Your answer must be an exact copy of the records below, with every picture left out.

════════════════

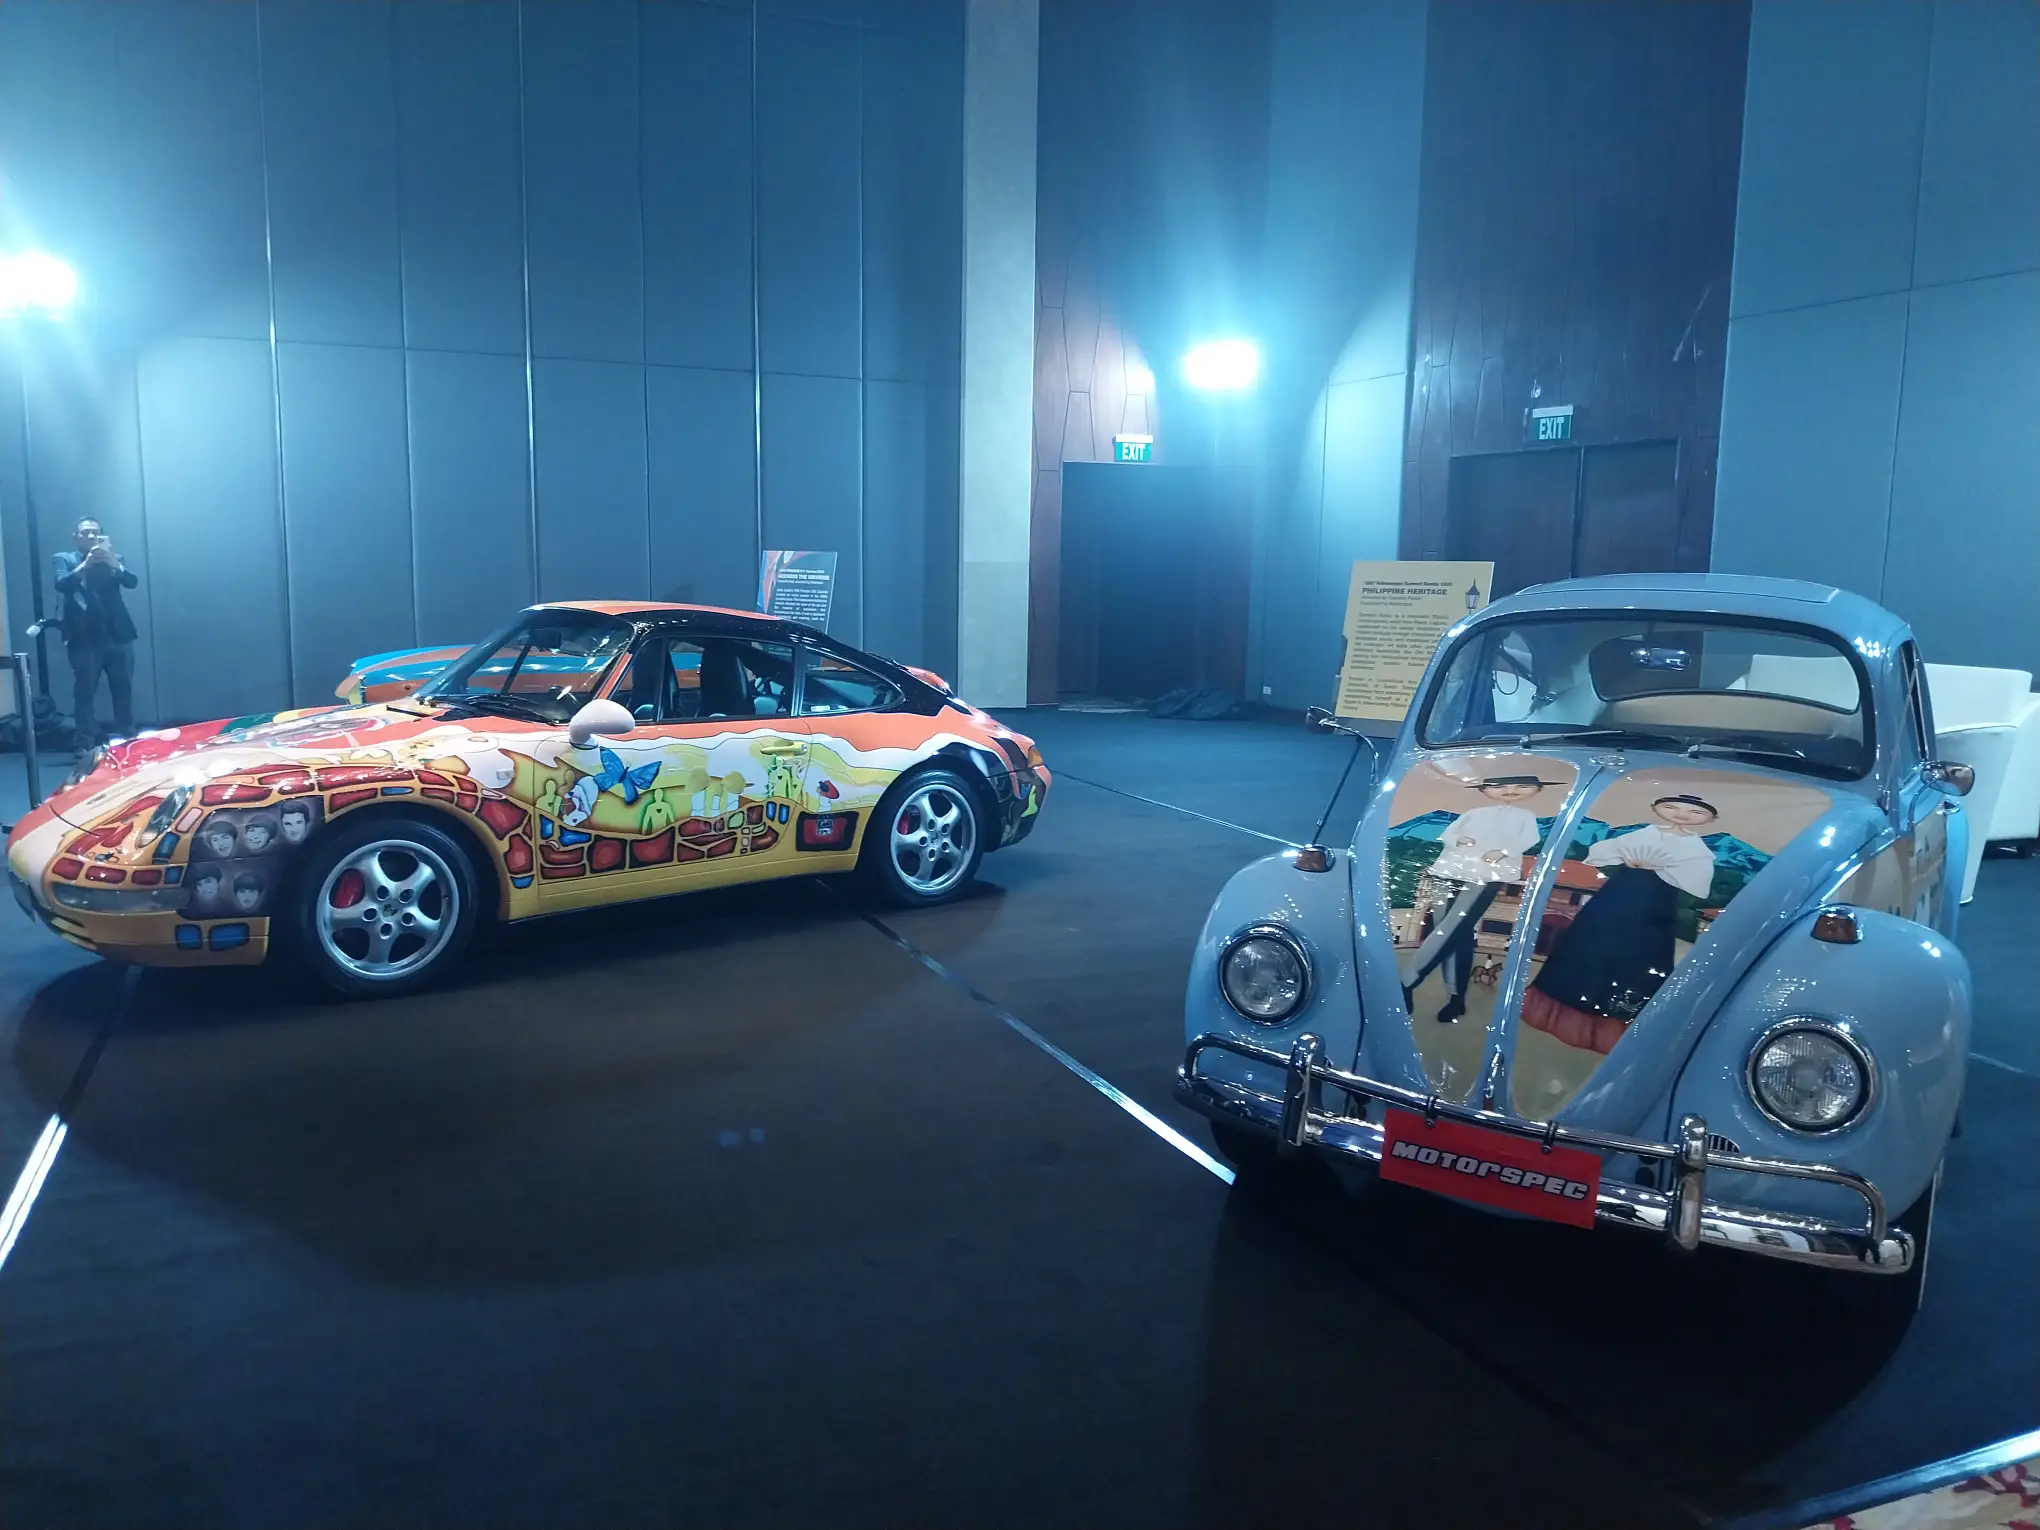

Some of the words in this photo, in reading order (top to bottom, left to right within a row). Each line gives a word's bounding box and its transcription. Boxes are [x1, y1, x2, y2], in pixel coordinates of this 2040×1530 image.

[1539, 417, 1564, 439] EXIT
[1122, 443, 1146, 460] EXIT
[1362, 587, 1405, 595] PHILIPPINE
[1407, 588, 1448, 596] HERITAGE
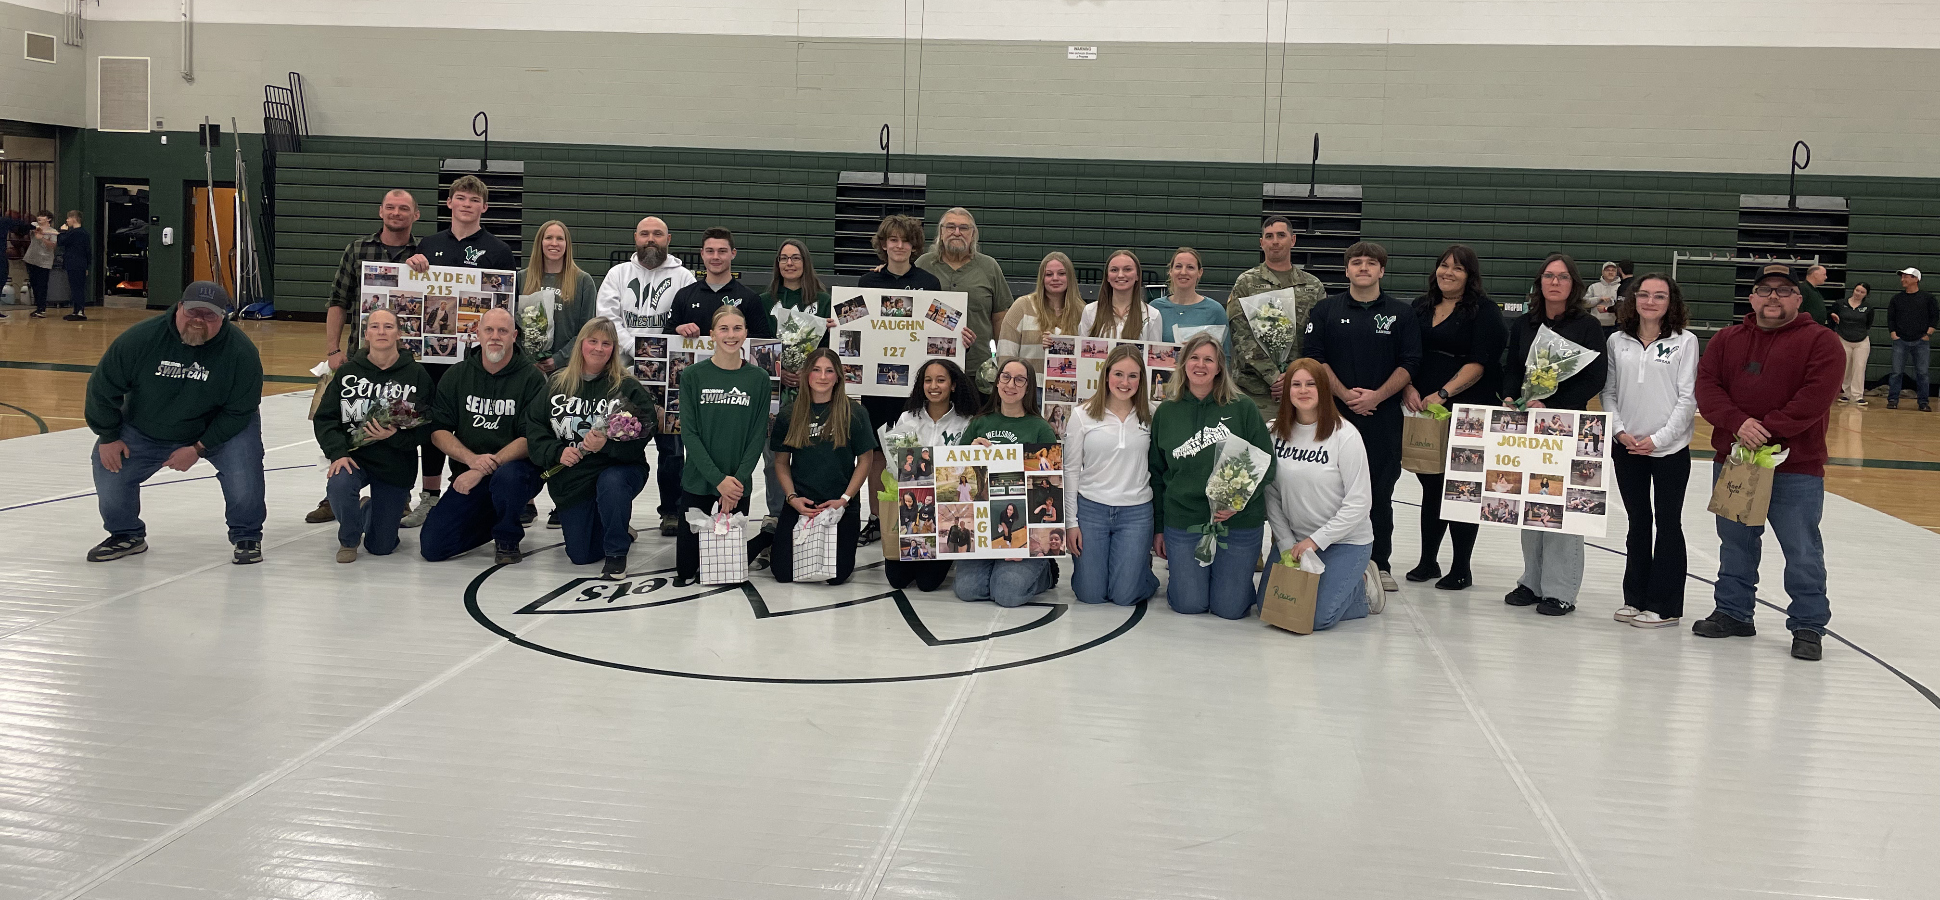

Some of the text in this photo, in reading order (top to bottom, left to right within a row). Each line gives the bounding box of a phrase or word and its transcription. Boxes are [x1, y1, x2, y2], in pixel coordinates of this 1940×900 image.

[409, 269, 476, 285] HAYDEN
[427, 285, 452, 296] 215
[624, 311, 668, 328] WRESTLIN
[870, 320, 925, 331] VAUGHN
[682, 338, 715, 351] MAS
[909, 331, 920, 342] S.
[883, 346, 907, 357] 127
[341, 374, 417, 401] Senior
[465, 394, 516, 416] SENIOR
[550, 393, 621, 417] Senior
[472, 414, 502, 430] Dad
[1274, 437, 1329, 465] Hornets
[1497, 435, 1563, 451] JORDAN
[946, 448, 1017, 462] ANIYAH
[1495, 452, 1558, 468] 106 R.

════════════════

> _Written answer_
Some of the words in this photo, in reading order (top to bottom, left to right within a row). Each line gives a word's bounding box and its transcription. Boxes are [x1, y1, x2, y2], in pixel coordinates of this 2040×1530 image.

[1539, 417, 1564, 439] EXIT
[1122, 443, 1146, 460] EXIT
[1362, 587, 1405, 595] PHILIPPINE
[1407, 588, 1448, 596] HERITAGE

Some of the text in this photo, in reading order (top to bottom, left to right within a row). Each line gives the bounding box of a phrase or word and its transcription. Boxes are [x1, y1, x2, y2], in pixel coordinates of this 1940×900 image.

[409, 269, 476, 285] HAYDEN
[427, 285, 452, 296] 215
[624, 311, 668, 328] WRESTLIN
[870, 320, 925, 331] VAUGHN
[682, 338, 715, 351] MAS
[909, 331, 920, 342] S.
[883, 346, 907, 357] 127
[341, 374, 417, 401] Senior
[465, 394, 516, 416] SENIOR
[550, 393, 621, 417] Senior
[472, 414, 502, 430] Dad
[1274, 437, 1329, 465] Hornets
[1497, 435, 1563, 451] JORDAN
[946, 448, 1017, 462] ANIYAH
[1495, 452, 1558, 468] 106 R.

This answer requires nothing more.